I'm sorry you have never experienced excellent customer service because it can really make your day (and no I don't mean getting a bunch of free stuff). I think I've been fair and accurate in what I've said about the company and my experience. After the strange and sarcastic responses I will think twice before posting on these boards again. This will certainly be the last reply I make on this thread.


----------



## WPG (Mar 28, 2010)

Glad it's going to work out ok.

Don't know why these guys got a wild hair and are taking it personally.

I was Navy, don't know what an eod is.

I get supicious of 'spectacular service', but expect easy corrections when not right.

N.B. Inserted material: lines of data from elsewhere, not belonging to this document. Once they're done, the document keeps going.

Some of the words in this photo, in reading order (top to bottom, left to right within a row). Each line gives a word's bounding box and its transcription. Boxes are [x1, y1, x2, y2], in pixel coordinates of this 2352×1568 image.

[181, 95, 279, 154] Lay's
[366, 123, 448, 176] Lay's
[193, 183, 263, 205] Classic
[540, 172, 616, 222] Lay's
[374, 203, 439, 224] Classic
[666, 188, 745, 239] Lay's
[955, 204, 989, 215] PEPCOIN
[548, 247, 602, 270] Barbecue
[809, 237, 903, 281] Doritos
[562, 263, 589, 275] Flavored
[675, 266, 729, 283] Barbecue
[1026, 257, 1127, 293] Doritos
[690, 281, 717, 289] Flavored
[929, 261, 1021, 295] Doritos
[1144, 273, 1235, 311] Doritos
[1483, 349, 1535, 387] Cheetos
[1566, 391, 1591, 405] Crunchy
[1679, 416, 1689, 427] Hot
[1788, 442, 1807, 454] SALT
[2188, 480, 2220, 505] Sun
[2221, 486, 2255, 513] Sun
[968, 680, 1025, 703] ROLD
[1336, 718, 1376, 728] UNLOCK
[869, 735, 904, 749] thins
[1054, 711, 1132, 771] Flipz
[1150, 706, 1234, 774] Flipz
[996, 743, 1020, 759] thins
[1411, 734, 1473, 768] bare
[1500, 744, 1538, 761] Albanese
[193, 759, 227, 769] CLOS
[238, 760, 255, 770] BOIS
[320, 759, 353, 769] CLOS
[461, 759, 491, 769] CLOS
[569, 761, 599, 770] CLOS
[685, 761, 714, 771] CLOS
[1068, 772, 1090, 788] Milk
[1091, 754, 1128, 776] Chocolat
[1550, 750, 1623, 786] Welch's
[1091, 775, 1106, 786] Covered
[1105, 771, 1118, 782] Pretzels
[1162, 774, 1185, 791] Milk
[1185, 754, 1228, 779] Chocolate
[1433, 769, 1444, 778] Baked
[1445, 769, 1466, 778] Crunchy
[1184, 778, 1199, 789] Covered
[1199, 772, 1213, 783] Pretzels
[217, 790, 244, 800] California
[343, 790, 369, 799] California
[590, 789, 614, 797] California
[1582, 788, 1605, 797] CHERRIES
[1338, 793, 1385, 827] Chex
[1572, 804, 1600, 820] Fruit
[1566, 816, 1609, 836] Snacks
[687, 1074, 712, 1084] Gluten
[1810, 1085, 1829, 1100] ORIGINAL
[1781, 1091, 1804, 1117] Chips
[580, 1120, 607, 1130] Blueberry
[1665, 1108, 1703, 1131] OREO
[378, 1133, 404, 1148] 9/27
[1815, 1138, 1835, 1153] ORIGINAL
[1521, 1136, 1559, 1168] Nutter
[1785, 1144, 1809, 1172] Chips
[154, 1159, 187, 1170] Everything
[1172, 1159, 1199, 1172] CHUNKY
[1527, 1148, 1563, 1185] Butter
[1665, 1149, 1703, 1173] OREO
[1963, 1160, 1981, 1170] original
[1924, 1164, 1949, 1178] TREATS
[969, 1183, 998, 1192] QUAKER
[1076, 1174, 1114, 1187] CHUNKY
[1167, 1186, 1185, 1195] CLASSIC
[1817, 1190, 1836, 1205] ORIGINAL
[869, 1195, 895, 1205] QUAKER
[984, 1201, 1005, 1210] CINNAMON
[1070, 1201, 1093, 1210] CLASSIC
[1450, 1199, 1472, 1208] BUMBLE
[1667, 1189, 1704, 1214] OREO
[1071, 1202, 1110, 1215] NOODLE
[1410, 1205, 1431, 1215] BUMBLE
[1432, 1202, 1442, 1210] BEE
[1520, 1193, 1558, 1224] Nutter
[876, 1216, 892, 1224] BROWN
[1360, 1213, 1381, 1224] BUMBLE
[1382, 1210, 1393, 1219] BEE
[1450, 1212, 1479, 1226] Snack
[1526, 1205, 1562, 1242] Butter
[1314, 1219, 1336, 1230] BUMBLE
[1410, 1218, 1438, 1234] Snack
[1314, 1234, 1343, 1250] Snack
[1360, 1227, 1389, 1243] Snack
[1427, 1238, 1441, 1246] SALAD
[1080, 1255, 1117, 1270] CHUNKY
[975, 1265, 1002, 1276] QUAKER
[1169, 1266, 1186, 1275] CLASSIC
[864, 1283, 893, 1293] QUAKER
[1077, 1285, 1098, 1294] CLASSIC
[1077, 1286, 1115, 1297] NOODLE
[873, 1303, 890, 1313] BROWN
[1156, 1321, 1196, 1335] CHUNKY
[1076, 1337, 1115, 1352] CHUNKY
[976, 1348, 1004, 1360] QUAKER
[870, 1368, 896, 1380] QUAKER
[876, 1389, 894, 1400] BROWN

Sounds like you had 3-4 different people working on your order.


----------



## okaive (Jan 27, 2011)

WPG said:


> Glad it's going to work out ok.
> 
> I was Navy, don't know what an eod is.


If you were Navy, then you SHOULD know what EOD is. They are the only ones that make sure that the mines are blown-up before the ship hits it. 





BeeCurious said:


> You aren't out any money



Sorry, but IMO he is out of money. 




usaairforceeod said:


> that he would credit me for the phantom smoker.



If they were satisfactory, they would have credited the money back to his credit card and not make sure that he has to buy from them again for the use of his $45.


----------



## WPG (Mar 28, 2010)

okaive said:


> If you were Navy, then you SHOULD know what EOD is. They are the only ones that make sure that the mines are blown-up before the ship hits it.


The ole' grey cells are fuzzy.
I still can't think what EOD is suppossed to mean.
Maybe they came up with some new ones since I ran mine sweeps on a little creek across the pond some years ago, hauling the UDT's around occasionally.

Airforce didn't have boots on the ground _(or water)_ where we were at.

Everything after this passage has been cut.